La impresionante voz contestó sin vacilar, sin el chasquido de un solo relé.
—Sí, ahora existe un Dios.
Frederic Brown, La respuesta
En El modo de existencia de los objetos técnicos, Gilbert Simoldon (afortunadamente, alguien que aún no ha pasado a la historia con la vesicante etiqueta de “gurú” de estos lodos) señalaba algo que quienes jugamos en las canchas de la creación literaria deberíamos, para bajar bien el balón, tener en cuenta: “La cultura se ha constituido en sistema de defensa contra las técnicas; ahora bien, esta defensa se presenta como una defensa del hombre, suponiendo que los objetos técnicos no contienen realidad humana. Querríamos mostrar que la cultura ignora en la realidad técnica una realidad humana y que, para cumplir su rol completo, la cultura debe incorporar los seres técnicos bajo la forma de conocimiento y de sentido de los valores”.
Seres técnicos.
Seres… técnicos.
Ese el término más abracadabrantede la definición.

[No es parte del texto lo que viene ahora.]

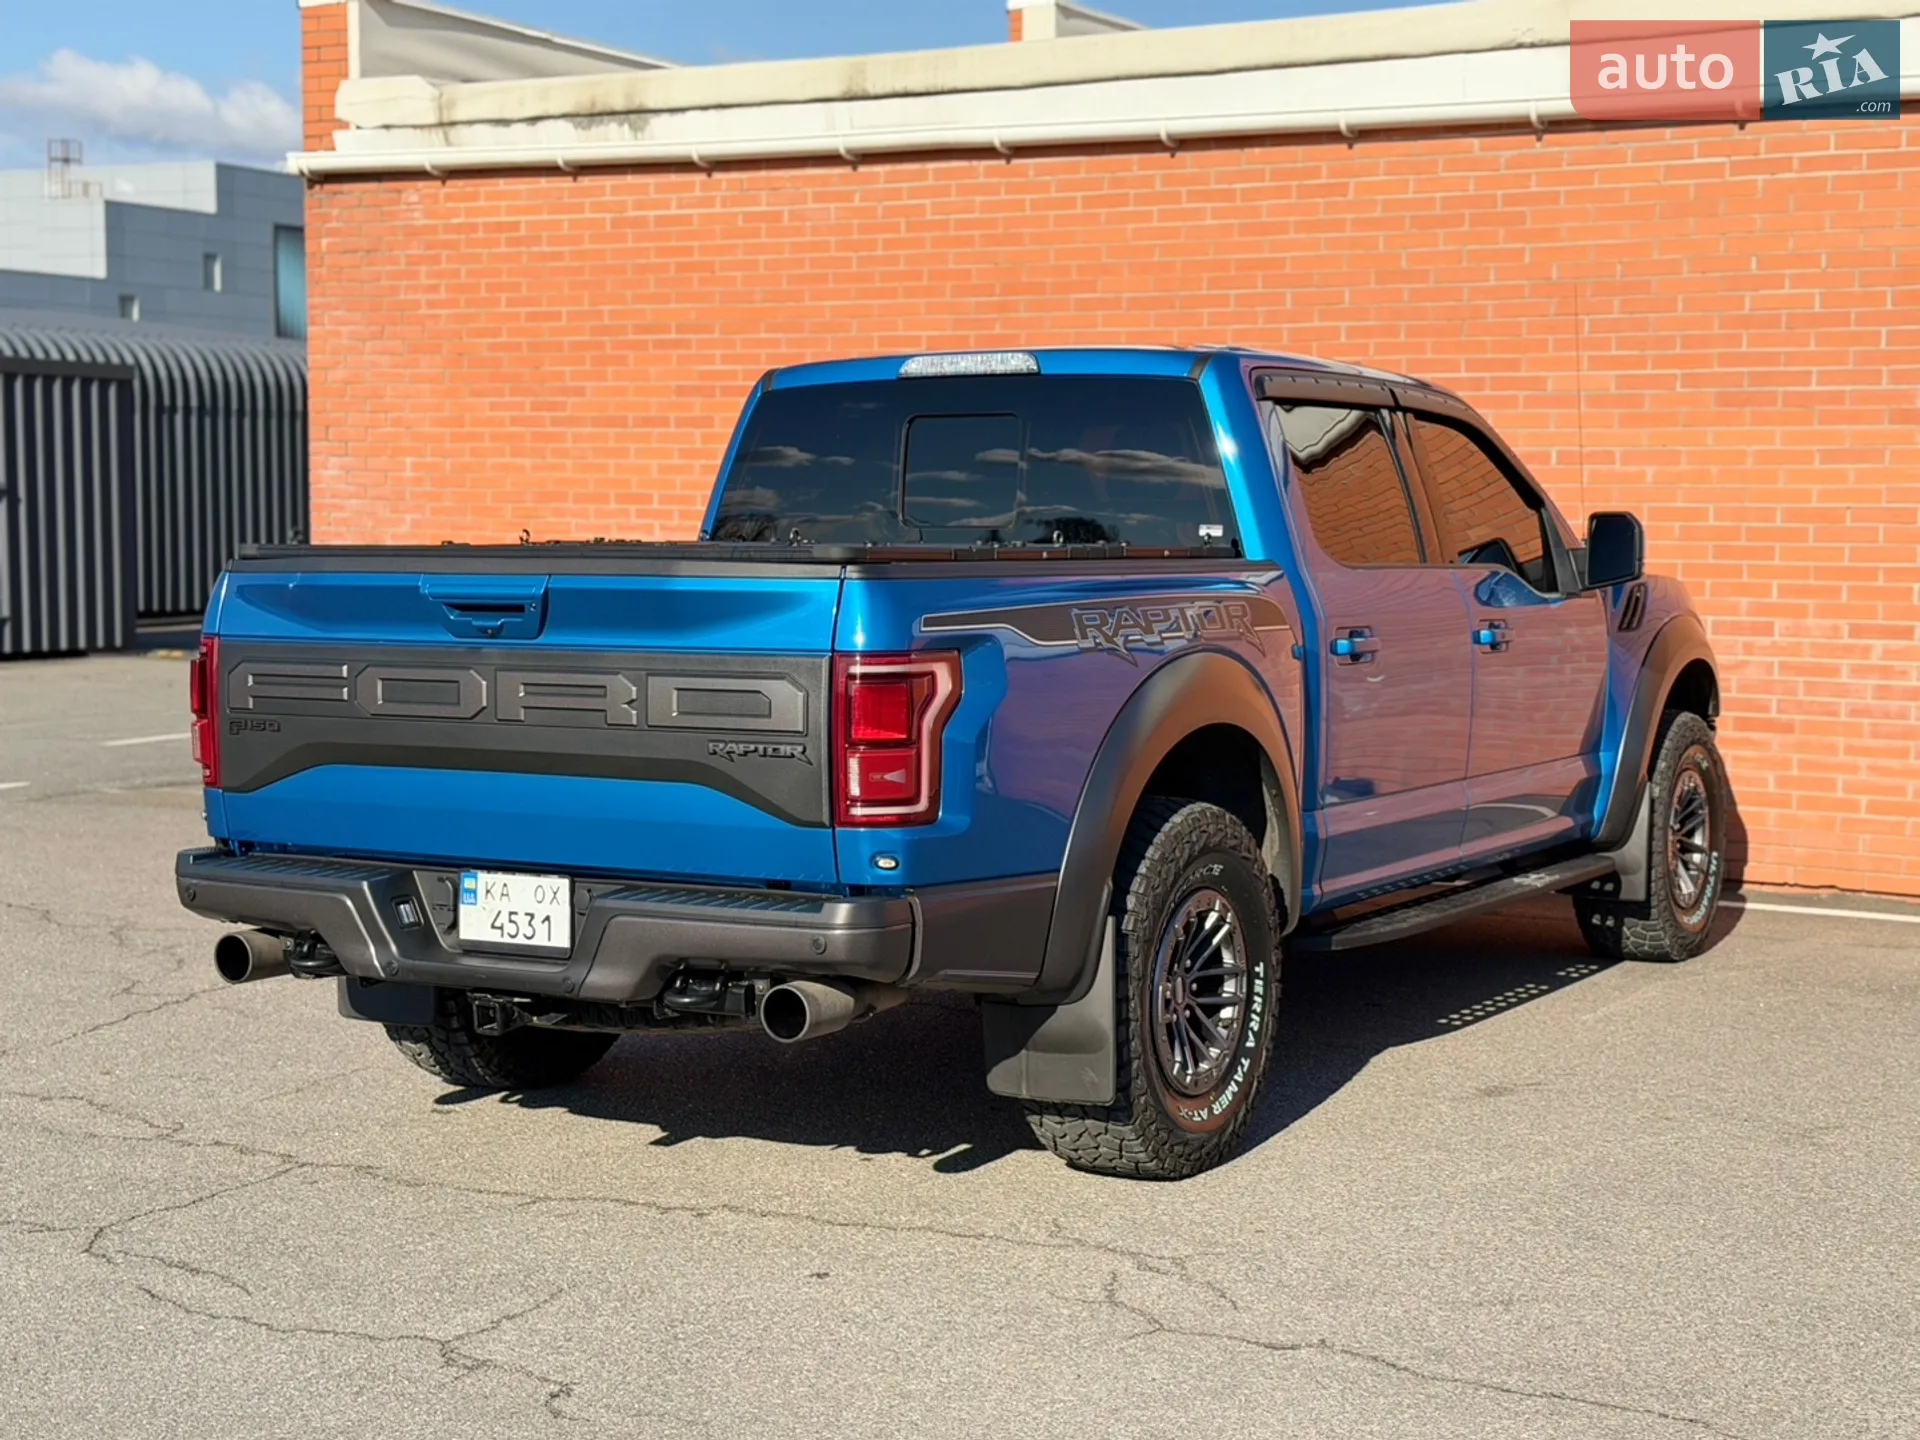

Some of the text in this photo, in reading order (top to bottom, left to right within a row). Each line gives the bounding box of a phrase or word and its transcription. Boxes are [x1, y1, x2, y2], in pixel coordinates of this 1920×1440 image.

En una entrevista de 2022, el escritor y guionista chileno Julio Rojas confesaba, en el podcast de Francisco Ortega, una parte sorprendente de su proceso creativo para el guion de su audioserie Selección natural: que se había hecho asistir por un programa de inteligencia artificial para escritores. Y no, no se trataba de darle una burda orden a un ChatGPT, del tipo “escribe una historia con estos referentes sci-fi, con personajes atractivísimos, y así, asá, osó, usú”; se trataba de entrar en un juego de roles, retorcido y gestáltico, en el que Rojas le pidió a esta particular IA que se asumiera como una IA de ficción, y que de esa manera, en personificación Stanislavski, escribieran juntos una serie, simulando ser los personajes (Sofía e Ismael) pero teniendo aún conciencia de que eran Julio y la IA (es decir, algo más, o menos, que Sofía e Ismael).

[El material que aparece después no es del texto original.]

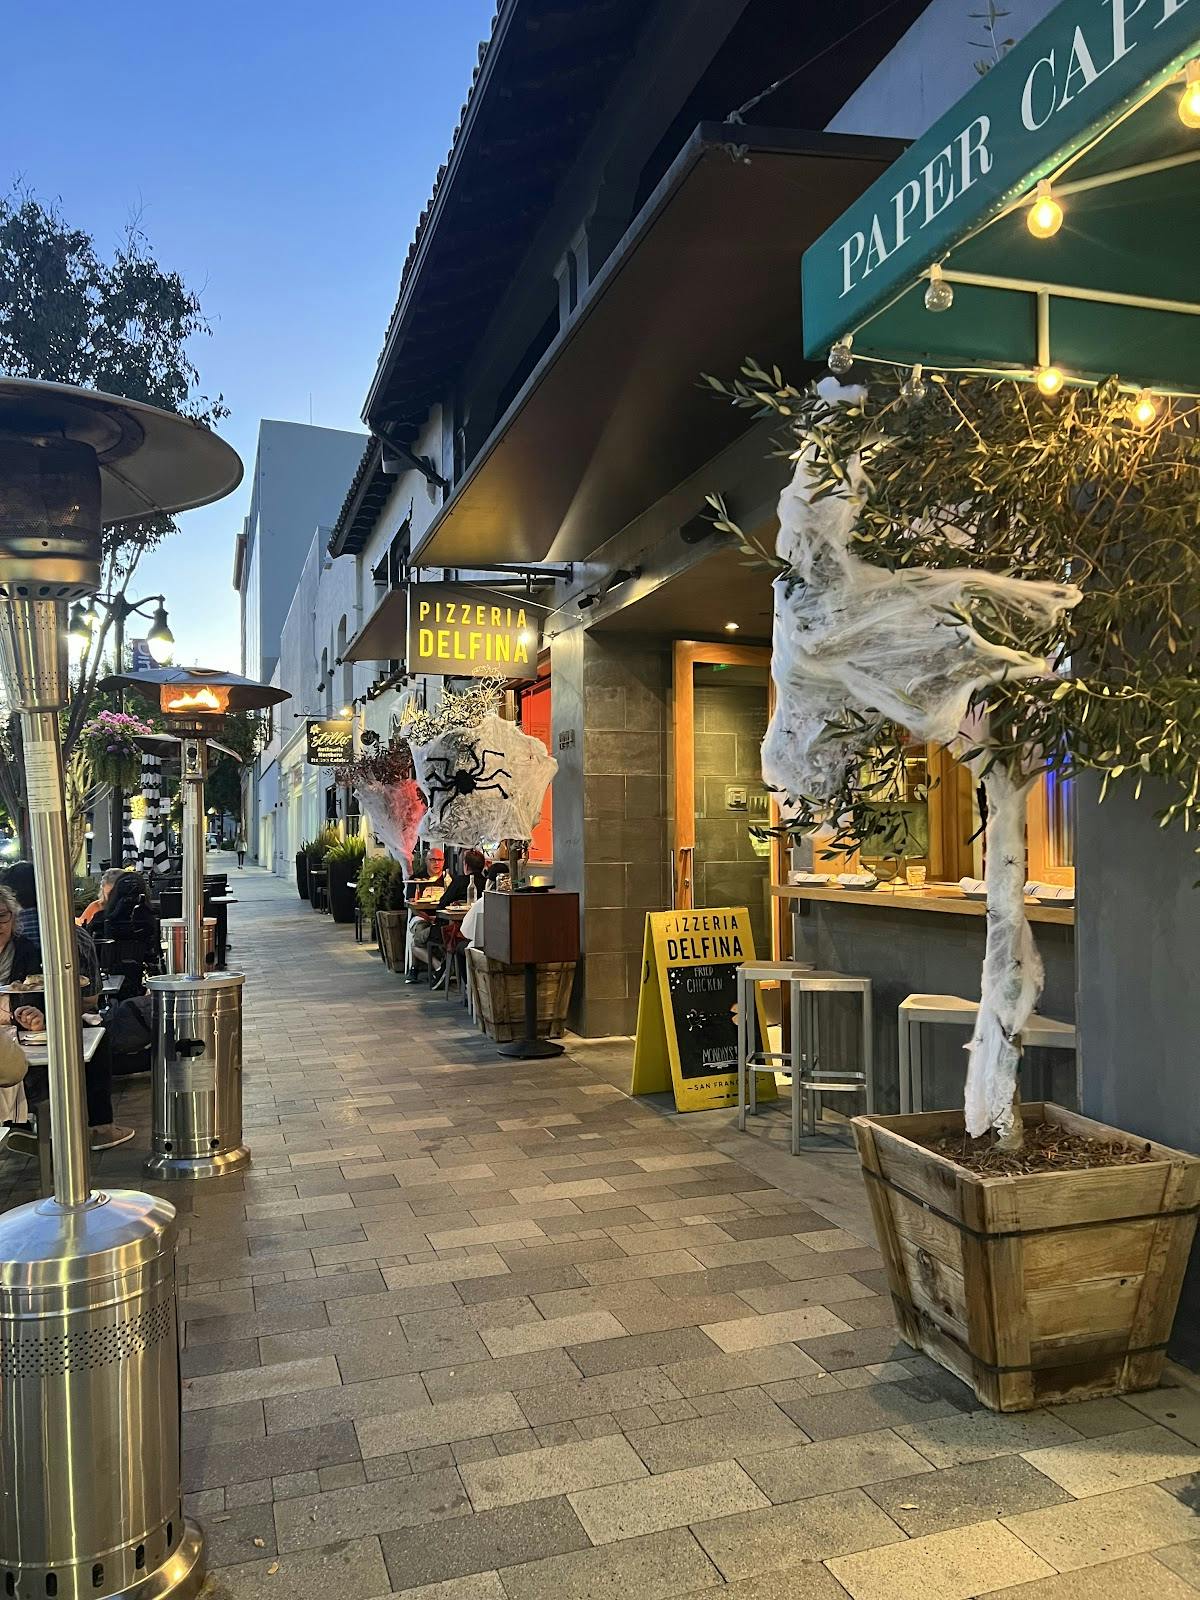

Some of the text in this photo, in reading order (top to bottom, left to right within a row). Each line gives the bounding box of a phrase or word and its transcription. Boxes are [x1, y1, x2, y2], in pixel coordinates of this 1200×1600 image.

[838, 0, 1189, 299] PAPER CAP
[419, 601, 527, 629] PIZZERIA
[419, 628, 528, 664] DELFINA
[667, 936, 743, 961] DELFINA
[694, 966, 714, 977] FRIED
[686, 978, 723, 993] CHICKEN
[694, 1082, 711, 1091] SAN

El resultado del guion es asombroso, no tanto por el argumento en sí (un científico varado en la Antártida, quien comienza a notar que su asistente androide va refinándose cada vez más, al punto de parecer humano) si no por las implicaciones de ese proceso creativo: Rojas simulando ser Ismael durante la creación, e intentando que la IA no se enterara de cuándo hubo fingimiento y cuándo no; pero la IA haciendo lo mismo, asimilando, tras horas y horas de interacción, el prompt que ya había propuesto Fernando Pessoa: el poeta es un fingidor.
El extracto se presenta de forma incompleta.